To "roll your own", somebody needs to provide the parts, and test that
the integration works. Nobody (necessarily) will do it for you; and
you can contribute by testing the parts you use and the integration
among them. You can use OpenRC + eudev + ubus + Xfce, help detect the
problems in them, and help reporting the issues when they don't work
correctly together.

If you don't do it, and nobody else does, then don't act surprised if
eventually everybody uses systemd, because there is people working on
it and testing it in different configurations.

> In this case, there is no contribution to be made.  There can only
> be a rant about leaving things the way they are.

Wrong: see above.

> How do you feel about the accuracy of the following statements which
> are taken from a related web page at http://uselessd.darknedgy.net ?

It's a bunch of (very entertaining) FUD. To me, it losses all
credibility when it ascertains "Distro maintainers are lazy". Well
then, I expect that he maintains his own distro.

Also, I find it highly ironic that, after *years* of bashing systemd
and its design, when *no other* init system seems able to be a proper
competition, the next thing the systemd-haters try is to announce a
brand new init... by forking systemd. So, its design is not so bad
after all, right? Otherwise, they would have started from scratch.

> "Most core Linux applications and even the kernel are developed by
> a handful of companies, largely by Red Hat (who inherited much of the
> work on GNU after acquiring Cygnus Solutions, thus also leading GNOME
> and various other projects), who also support the opaque Freedesktop.org
> standards.

FUD. In systemd (and GNOME, for that matter) work people from *many*
companies; RedHat is obviously among them, but it also has developers
from Mageia, ProFusion (recently acquired by Intel), Canonical, Suse,
Collabora, Sun, IBM, etc., etc., etc. Also, it has contributors from
basically every distribution out there (including Gentoo). You can get
a list of contributors from the git repository using:

git log --format='%aN'

and then you don't need to trust anyone, but the code itself.

> "systemd is designed to be perpetually rolling software, not all that
> different from a kernel in user space, as was elucidated in a 2014 GNOME
> Asia talk. It has no clearly defined purpose beyond that other than the
> vague 'basic building block to make an OS from' ...

I actually agree with systemd being perpetually rolling software, but
I think it's a good thing. Gentoo itself is a rolling released
distribution; systemd fits perfectly with our distro; I've been using
it since 2010 in servers, desktops, laptops and everything I can put
it on, like my media center.

I don't know right now, but there was a point when I was pretty sure
systemd worked better on Gentoo than on Fedora. It's possible that
it's the case now.

Lastly, if someone sees "basic building block to make an OS from" like
something "vague", then she should do her homework.

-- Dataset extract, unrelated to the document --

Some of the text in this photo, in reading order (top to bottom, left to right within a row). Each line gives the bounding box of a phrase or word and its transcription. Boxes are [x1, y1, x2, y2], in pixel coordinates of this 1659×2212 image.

> "The end goal appears to be the creation of what we dub a Grand Unified
> Linux Operating System (GULOS) and the destruction of the Linux distribution
> altogether beyond cosmetic changes. GnomeOS, in particular. The latter is
> actually a thing that GNOME aspire to accomplish."

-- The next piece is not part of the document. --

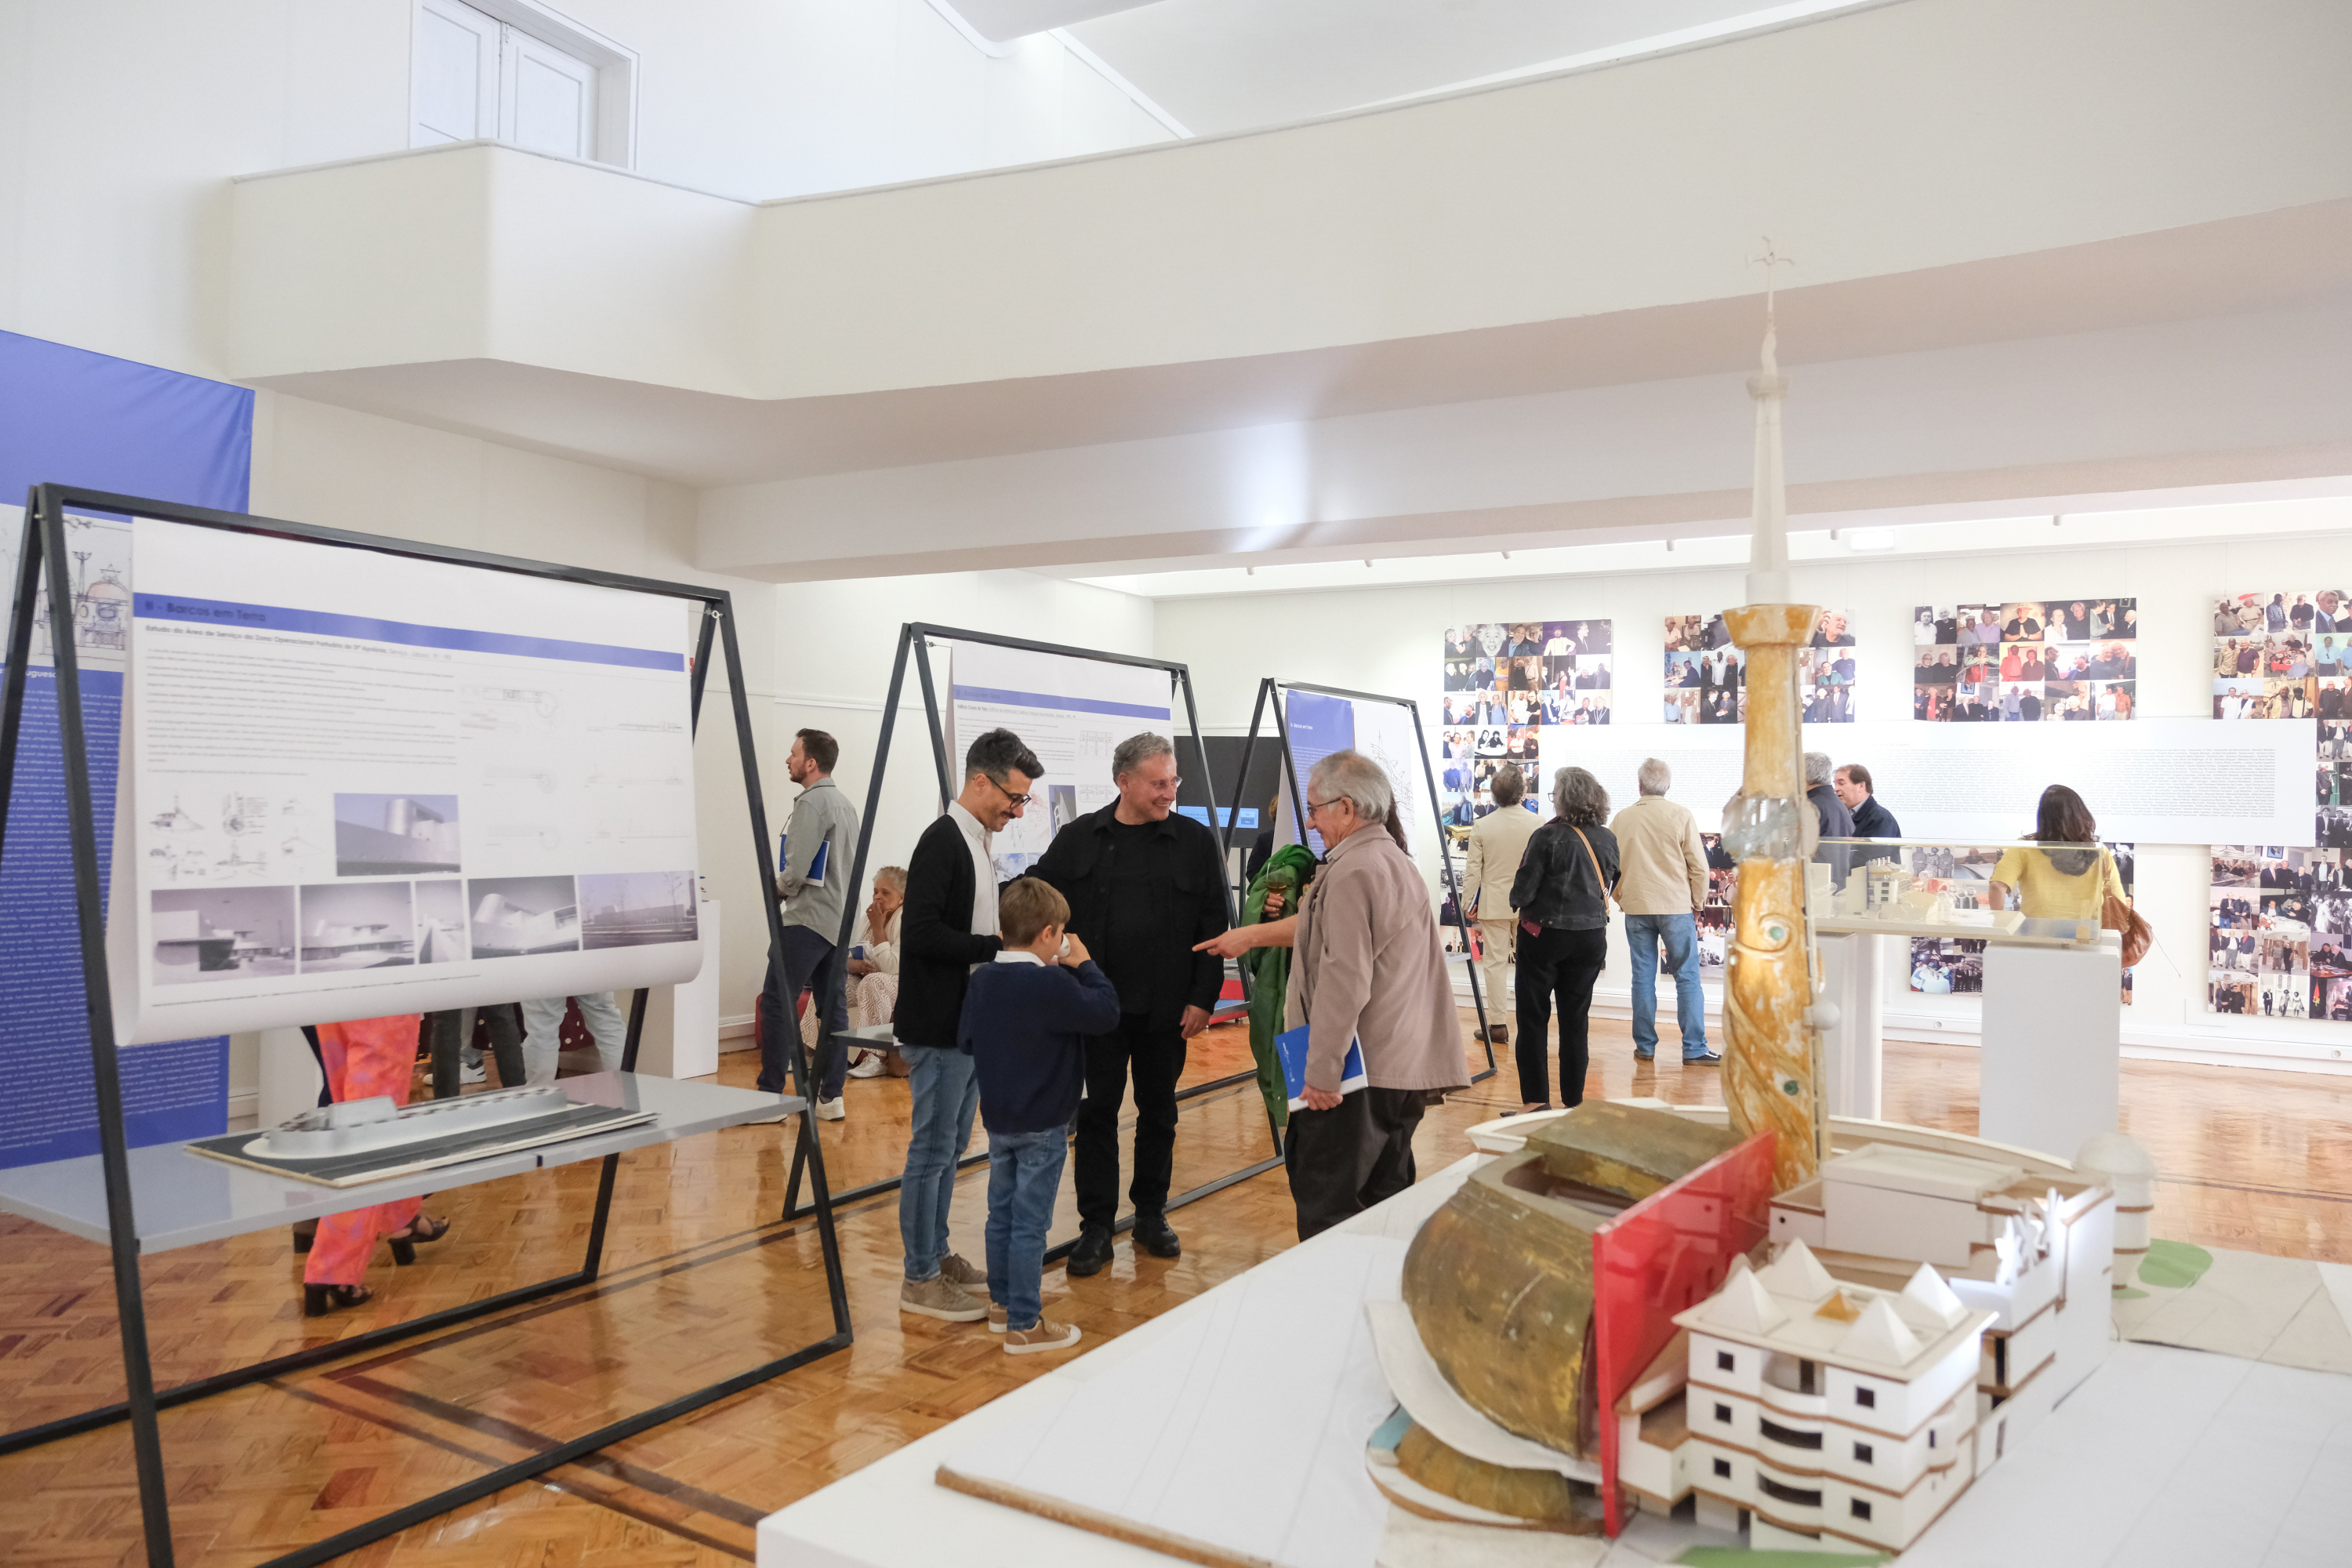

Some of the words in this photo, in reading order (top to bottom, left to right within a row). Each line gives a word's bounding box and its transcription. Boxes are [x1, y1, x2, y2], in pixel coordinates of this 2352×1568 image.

[167, 602, 211, 616] Barcos
[213, 609, 234, 618] em
[237, 609, 267, 622] Terra
[216, 630, 241, 640] Serviço

I think unification among distributions is an excellent goal, but it
doesn't mean that distros will lose its identity. They will just work
better between them.

Also, I think there will be always distributions that will work with
SysV, or OpenRC, or what have you. It's Free Software.

> IMO such planning and goals are slowly taking over the Linux ecosystem.
> After all, RedHat cannot offer a fragmented and "hobbyist" OS to its paying
> corporate clients.  Only a "Grand Unified Linux OS," a la Microsoft Windows,
> can compete in a professional market, and RedHat will thus lead the way in
> destroying the simplicity of Linux.

Sorry, but I call it FUD. Truth is, everything in this discussion
(systemd, OpenRC, Linux, GNOME, even uselessd) is Free Software.
Therefore, nothing  is stopping anyone to take the software and
stripping out the things they don't like about it... which, BTW, is
exactly what the guy in uselessd is doing.

> These trends should be alarming to us all.

Why? Because developers are writing software as best as they think
they can? You cannot stop any developer from writing whatever the hell
they want and releasing it as Free Software. You cannot stop users
from using said software. You cannot stop distro maintainers from
deciding that software X or Y is the best option for a distribution.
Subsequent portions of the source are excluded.